Silicon manganese rocks ready to be shipped. Photo by Felman Production.

The owners are currently finishing up a two-year, $2.5 million capital investment round, including the installation of a new $550,000 pelletizer, bringing their total investment in Letart to more than $60 million. The company’s property taxes help make the area a lot more financially stable as well.

In addition to its workforce and top-grade product, the company is also proud of the investments it has made on the environmental front. State-of-the-art equipment filters the air inside the factory while the smoke from its smokestacks meets the very high federal environmental standards.

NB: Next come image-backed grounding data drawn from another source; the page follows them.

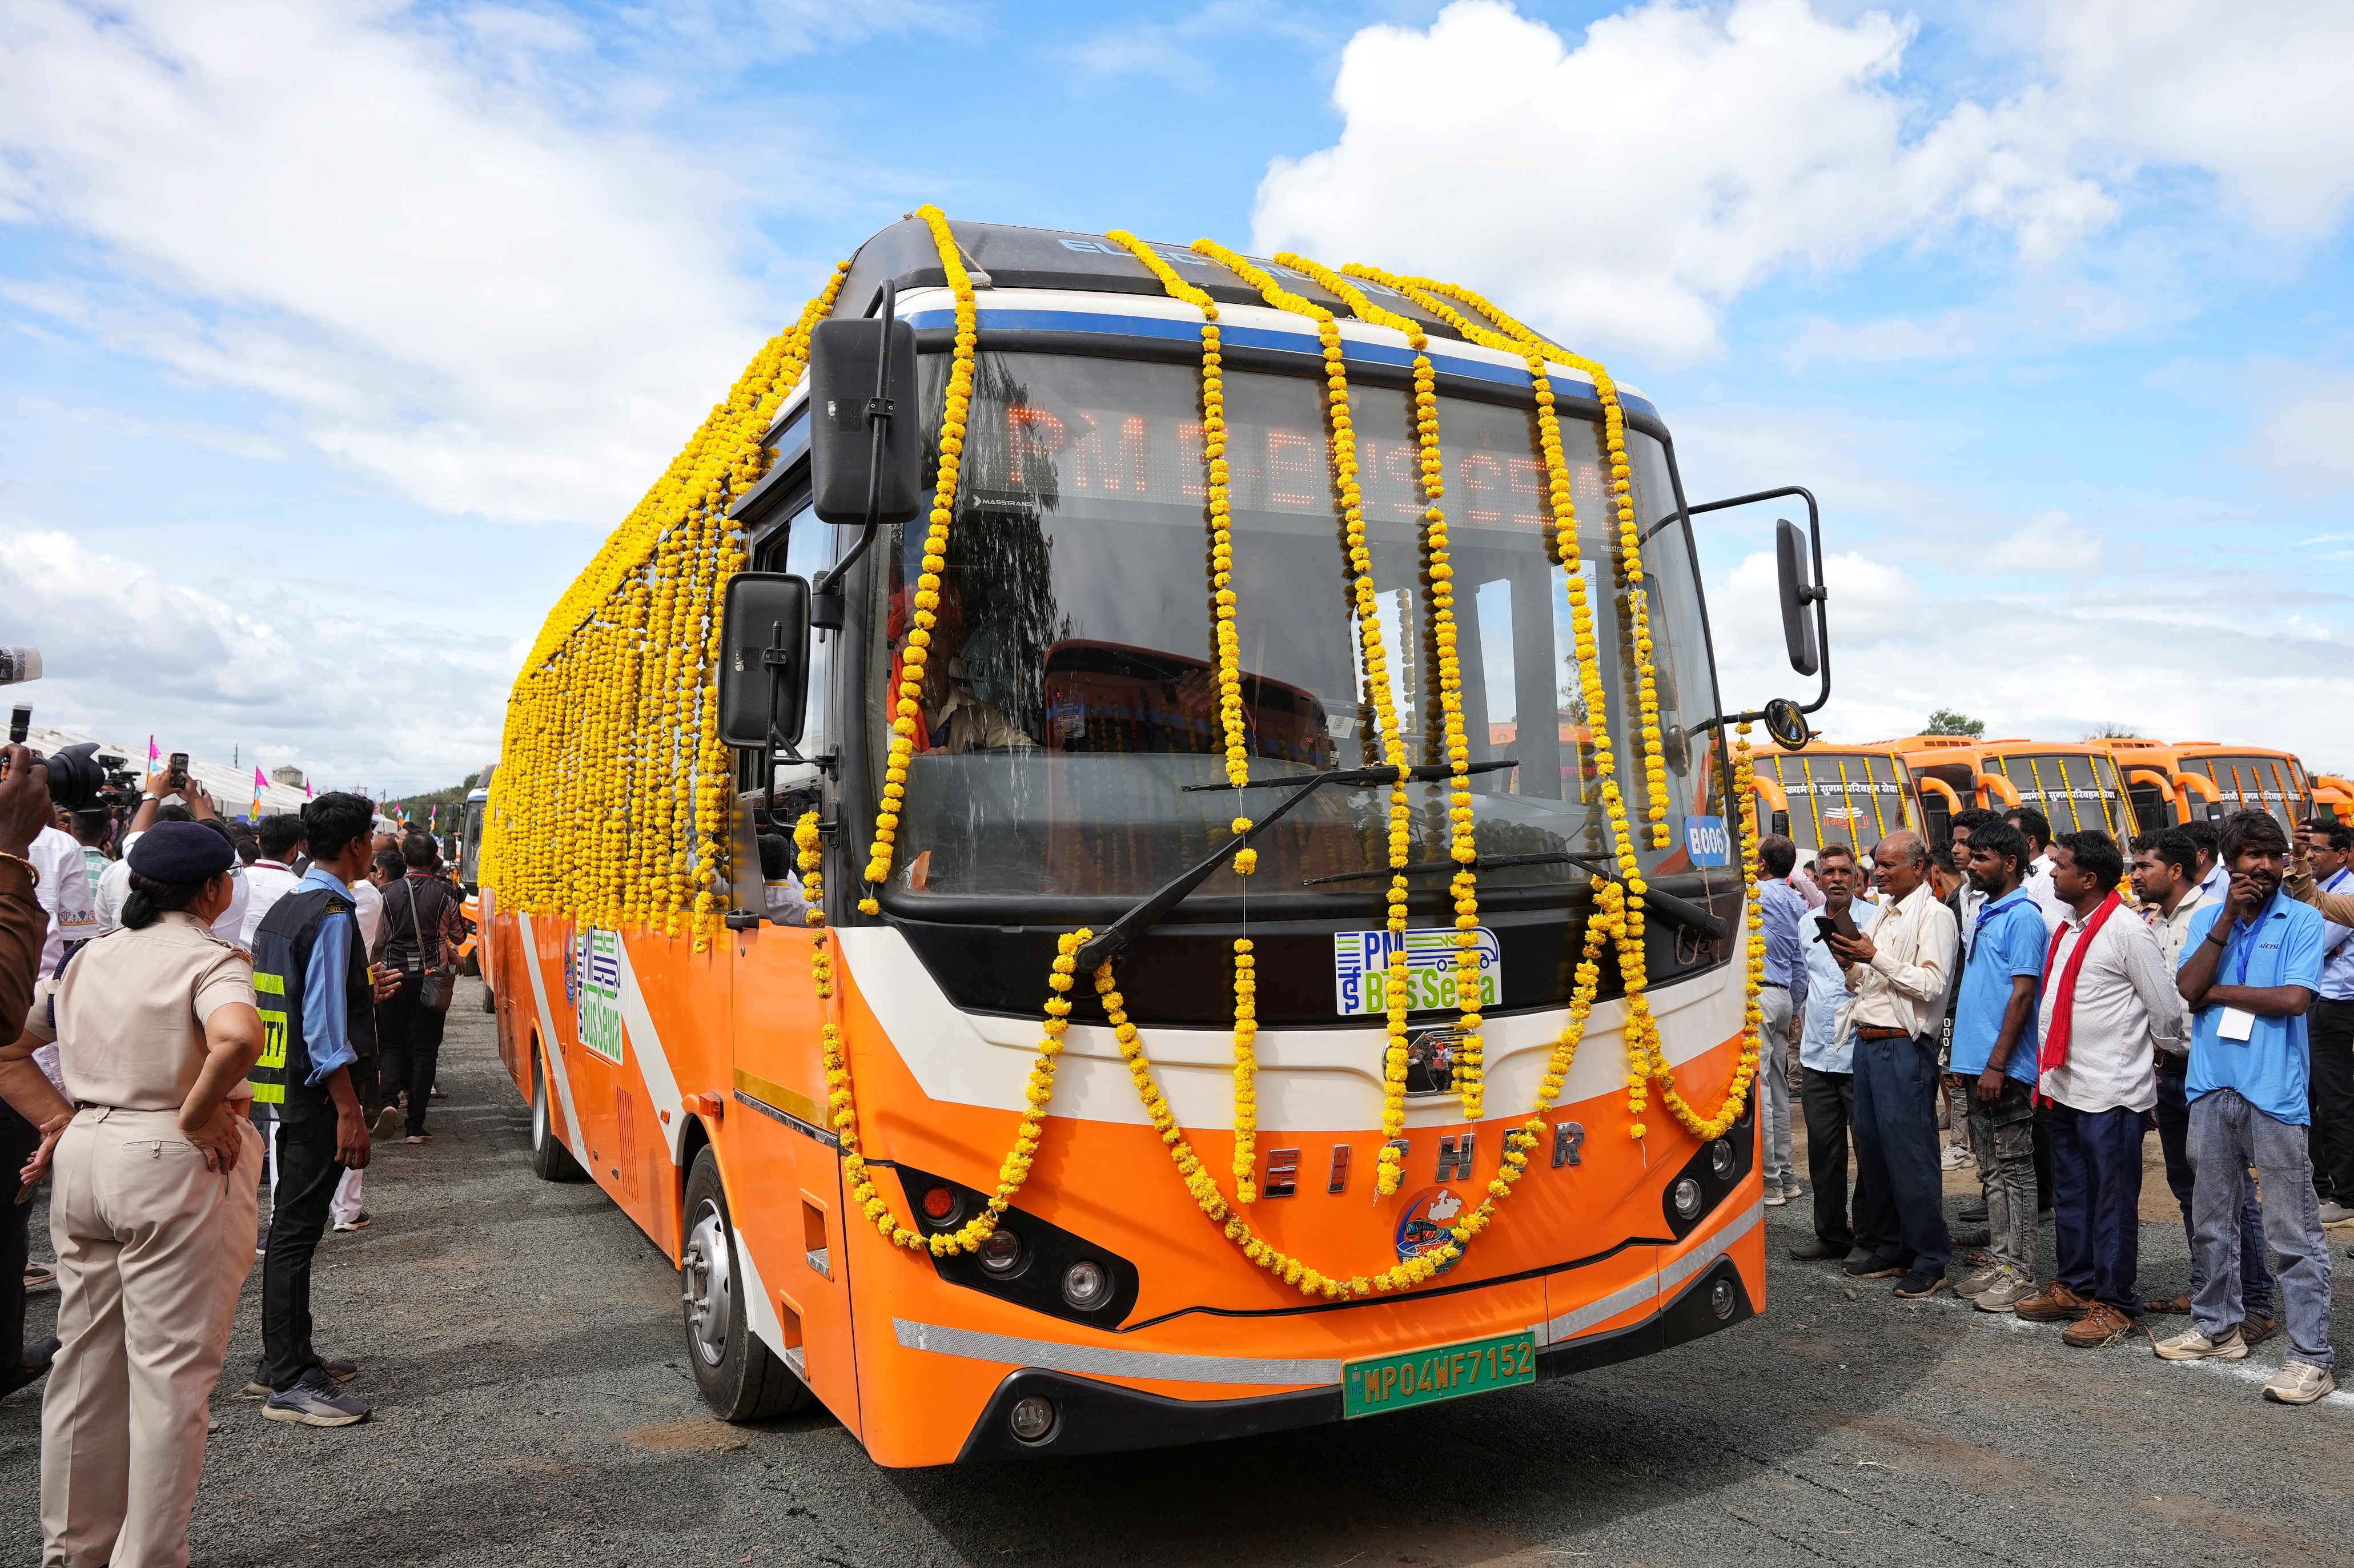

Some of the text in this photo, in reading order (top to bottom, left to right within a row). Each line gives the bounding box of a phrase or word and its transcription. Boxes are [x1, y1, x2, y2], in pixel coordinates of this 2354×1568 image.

[982, 498, 1033, 507] MASSTRANS
[1600, 544, 1626, 553] masstra
[1881, 782, 1898, 794] सेवा
[1689, 827, 1724, 855] B006
[1364, 931, 1404, 970] PM
[1364, 1341, 1532, 1404] MP04WF7152
[1349, 1384, 1364, 1396] IND

Felman Production offers good employee relations, a solid tax base for the county and state and good stewardship of the environment. The owners and operators of the facility are fashioning a feel-good story about industry and good-paying jobs in the general area. If this is what foreign investment in U.S. companies is like, then God bless foreign investment.

About the Author

Phyllis Flowers is the purchasing manager at Felman Production. A resident of Letart, WV, since 1979, she has two grown children: a daughter who is a nurse and a son who works at the nearby power plant. The daughter of a U.S. Navy sailor, Flowers lived in several countries around the world growing up but decided to put down roots in Mason County, a short, six-mile drive from the Felman plant.